An express trust must have certainty. This requirement of certainty has long been regarded as falling into three parts. However it should be stressed, that all these matters are ultimately a matter of construction. Firstly the settler must make it clear that his intended trustees are under an obligation to carry out his wishes. Lord Romilly expressed the maxim ‘equity looks to the substance rather than the form’, the court looks not at the words of the settlor but rather the result he was trying to achieve. It is therefore evident that no particular form of words are required, ‘it is well settled that a trust can be created without using the word “trust” or “confidence” or the like; the question is whether in substance a sufficient intention to create a trust has been manifested’.  The fact that Kerry has not used the word ‘trust’ does not then mean there is no trust. Furthermore it becomes clear that ‘the words must be imperative’. This is evident in the case of Paul-v- Constance [1977] 1 ALL ER 195, where the phrase ‘the money is as much yours as it is mine’ was accepted by the court as sufficient evidence that he regarded himself as holding the account as trustee for himself and his wife.  Additionally a further difficulty arises where the settler uses precatory words, which are expressions of hope and desire that the donee will use the property in a certain way. The courts have adopted a strict approach since Lambe-v- Eames where the phrase ‘in any way she may think best, for the benefit of herself and the family’ was held to be ineffective and the widow took absolutely. It could now be argued that the hope that Kerry expressed,  that Phillip will give a fair share to Yasmin can be seen to be ineffective as it is only her desire that will happen, resulting in Philip taking the full amount. Moreover it can be seen as ‘the fair share to Yasmin’ can be said to be a gift and ‘equity will not perfect an imperfect gift’. Therefore if it is seen as a gift equity will not allow it to be valid.

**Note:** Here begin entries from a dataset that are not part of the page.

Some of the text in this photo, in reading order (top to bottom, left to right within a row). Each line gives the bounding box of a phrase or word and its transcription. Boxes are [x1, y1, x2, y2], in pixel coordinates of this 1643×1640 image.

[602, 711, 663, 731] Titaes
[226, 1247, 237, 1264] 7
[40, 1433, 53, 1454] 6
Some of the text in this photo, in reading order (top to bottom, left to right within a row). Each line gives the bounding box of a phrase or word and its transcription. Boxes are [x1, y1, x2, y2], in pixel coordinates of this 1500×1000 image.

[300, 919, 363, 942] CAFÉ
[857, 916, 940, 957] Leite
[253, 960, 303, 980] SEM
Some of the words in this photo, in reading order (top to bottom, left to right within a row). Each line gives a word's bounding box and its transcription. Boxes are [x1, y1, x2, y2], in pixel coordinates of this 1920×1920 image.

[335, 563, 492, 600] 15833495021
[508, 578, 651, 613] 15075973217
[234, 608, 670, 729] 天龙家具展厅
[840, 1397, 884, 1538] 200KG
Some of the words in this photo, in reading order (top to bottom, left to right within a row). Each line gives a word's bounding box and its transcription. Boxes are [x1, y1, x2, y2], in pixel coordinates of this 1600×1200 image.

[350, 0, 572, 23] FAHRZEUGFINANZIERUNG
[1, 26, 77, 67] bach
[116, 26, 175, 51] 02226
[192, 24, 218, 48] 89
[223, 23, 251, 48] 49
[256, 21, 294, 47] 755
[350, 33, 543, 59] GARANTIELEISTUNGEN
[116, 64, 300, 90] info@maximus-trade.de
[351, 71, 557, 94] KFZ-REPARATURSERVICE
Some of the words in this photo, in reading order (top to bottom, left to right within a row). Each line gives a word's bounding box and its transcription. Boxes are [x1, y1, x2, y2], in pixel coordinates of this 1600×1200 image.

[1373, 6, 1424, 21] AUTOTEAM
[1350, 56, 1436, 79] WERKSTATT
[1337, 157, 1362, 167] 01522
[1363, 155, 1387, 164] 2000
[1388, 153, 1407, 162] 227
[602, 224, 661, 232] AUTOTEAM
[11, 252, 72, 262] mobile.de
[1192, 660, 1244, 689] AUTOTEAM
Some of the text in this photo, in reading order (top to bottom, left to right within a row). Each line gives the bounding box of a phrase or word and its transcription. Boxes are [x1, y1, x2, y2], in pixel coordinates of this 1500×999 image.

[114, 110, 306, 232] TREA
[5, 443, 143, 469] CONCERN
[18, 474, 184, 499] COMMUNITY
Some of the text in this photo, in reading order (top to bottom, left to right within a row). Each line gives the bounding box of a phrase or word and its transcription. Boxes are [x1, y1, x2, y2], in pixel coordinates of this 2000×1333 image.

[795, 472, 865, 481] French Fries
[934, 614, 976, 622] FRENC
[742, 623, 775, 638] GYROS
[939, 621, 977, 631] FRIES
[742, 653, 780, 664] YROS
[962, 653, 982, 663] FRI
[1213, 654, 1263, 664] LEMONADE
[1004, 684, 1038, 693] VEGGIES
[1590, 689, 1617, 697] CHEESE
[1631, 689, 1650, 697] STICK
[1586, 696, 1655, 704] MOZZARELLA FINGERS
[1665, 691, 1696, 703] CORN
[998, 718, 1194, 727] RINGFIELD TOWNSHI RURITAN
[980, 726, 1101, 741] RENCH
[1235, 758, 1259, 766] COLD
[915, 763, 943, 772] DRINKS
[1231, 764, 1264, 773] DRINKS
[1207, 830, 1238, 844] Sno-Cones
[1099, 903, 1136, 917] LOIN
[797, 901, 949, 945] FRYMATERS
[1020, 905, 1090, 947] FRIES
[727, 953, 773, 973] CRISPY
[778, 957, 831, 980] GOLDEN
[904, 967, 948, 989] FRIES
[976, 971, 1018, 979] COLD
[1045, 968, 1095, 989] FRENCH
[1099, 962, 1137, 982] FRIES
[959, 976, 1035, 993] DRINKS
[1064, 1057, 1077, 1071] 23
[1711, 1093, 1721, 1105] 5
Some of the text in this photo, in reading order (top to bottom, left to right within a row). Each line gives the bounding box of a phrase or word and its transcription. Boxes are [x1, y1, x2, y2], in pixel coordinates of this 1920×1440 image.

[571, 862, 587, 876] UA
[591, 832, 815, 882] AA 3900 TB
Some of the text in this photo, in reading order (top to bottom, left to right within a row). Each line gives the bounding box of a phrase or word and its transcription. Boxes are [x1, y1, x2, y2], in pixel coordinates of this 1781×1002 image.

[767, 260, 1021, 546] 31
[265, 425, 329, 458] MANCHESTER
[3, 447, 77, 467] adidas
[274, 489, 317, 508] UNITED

Secondly the settlor must make clear what property is to be subject to the trust. Once again the words must have a clear meaning that the trustees, and if necessary the court can interpret. Therefore the phrase such as ‘the bulk of my estate’  will not identify the subject matter clearly since it may mean different things to different people. Uncertainty can take two forms:

  • Property itself can be uncertain which constitutes no trust at all.
  • Beneficial entitlement can be uncertain where then the trustees hold on resulting trust for the settlor.

When looking at the situations at hand, the £50,000 to Phillip and Uxbridge Athletics club is certain however on the other hand the collection of impressionist paintings can form some problems as it is difficult to establish what is impressionist paintings, it is very ambiguous, for example can a drawing by her niece which she attempted to copy from be seen as an impressionist painting? Moreover the property itself is uncertain therefore it can be debated that this constitutes no trust. On the other hand however the phrase ‘a reasonable income’ in the case of Re Golay [1965] 2 All ER 660 was held not to be uncertain as the court said they can make an assessment of what a reasonable income is. Maybe then it could be argued that the court may be able to establish what the term ‘impressionist paintings’ may mean.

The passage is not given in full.